The current tax benefit "ultimately means less jobs, less money invested in R&D, less products coming to market, less solutions for patients," he said.

In total, it can take up to $1 billion to bring just one product to market. Once that product reaches the market and revenues begin to roll in, according to the Biotechnology Industry Organization, companies in these states - Connecticut, Delaware, Florida, Hawaii, Idaho, Iowa, Kentucky and Pennsylvania - can offset their state taxes by applying 20 years of net losses, thereby maximizing their profits.

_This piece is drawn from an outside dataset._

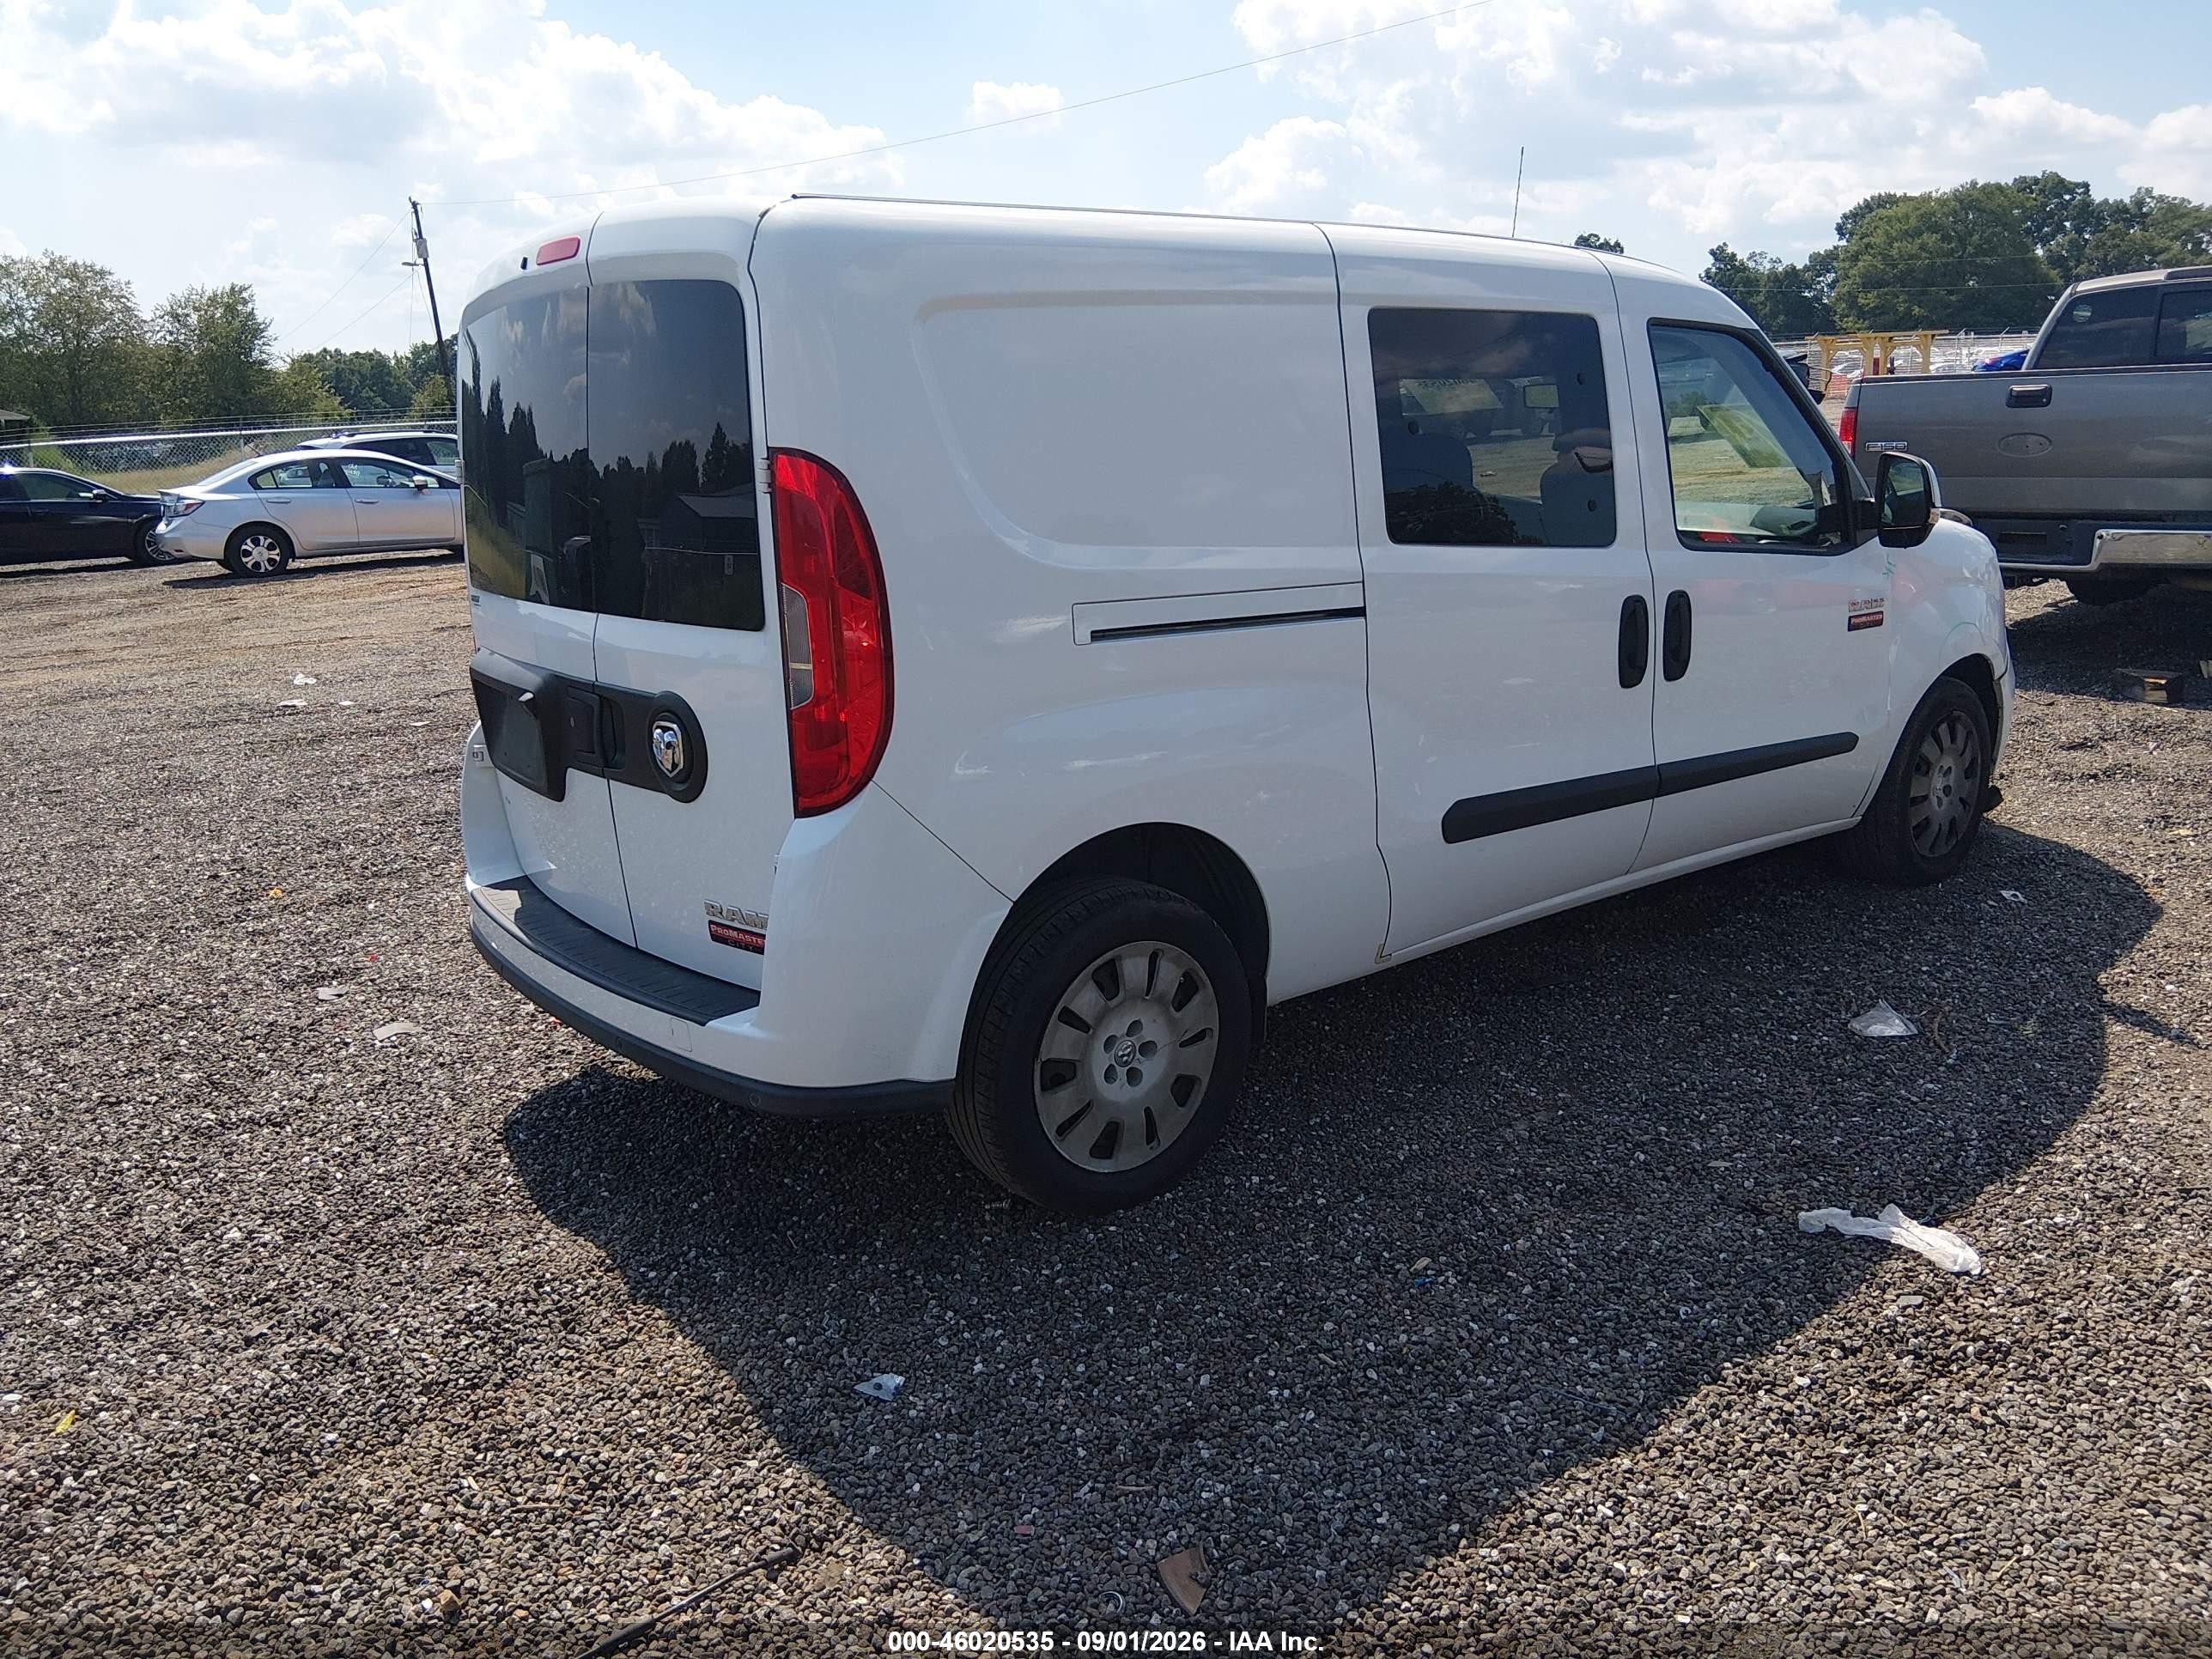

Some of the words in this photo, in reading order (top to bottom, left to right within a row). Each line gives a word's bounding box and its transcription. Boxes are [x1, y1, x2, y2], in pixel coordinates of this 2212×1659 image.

It's an attractive benefit not only for start-up companies deciding where to set up their headquarters, but for investors that are taking huge risks that don't always pay off.

"Attracting sufficient equity capital to fund critical research is often a challenging task for biotech innovators," said Jim Greenwood, president and CEO of Biotechnology Industry Organization (BIO). "From capital gains exemptions and net operating loss considerations to tax exemptions on equipment and investment credits for individuals, states are increasingly aware of the unique challenges facing bioscience companies."

Data tracked by BIO indicate that 31 states allow sales tax exemptions for equipment used in research and development activities, including biomanufacturing, and 39 states offer NOL carry forwards for anywhere from five years to 20 years. Puerto Rico offers the benefit for an unlimited number of years; and the benefit is transferable, meaning the company can sell the exemption credit to another entity, in the states of Kentucky, New Jersey, Ohio and Tennessee.

Resistance to the tax benefit change in California appears to be minimal, but critics do point to a handful of companies like Genentech Inc. and Gilead Sciences Inc. and ask whether biotech firms really need more tax incentives. For the first quarter, Genentech posted product sales of $2.2 billion and a non-GAAP net income of $895 million, while Gilead reported revenues of $1.3 billion and a non-GAAP net income of $522.1 million.

But the majority of the biotech industry is made up of smaller and mid-size companies, most of which will never see profits like Genentech and Gilead but still are conducting solid research on high-stakes money.

"We have such a wonderful accumulation of brain power in this state," Karbe said. "I think we need to be very careful that we create and maintain an environment here that . . . keeps this industry alive."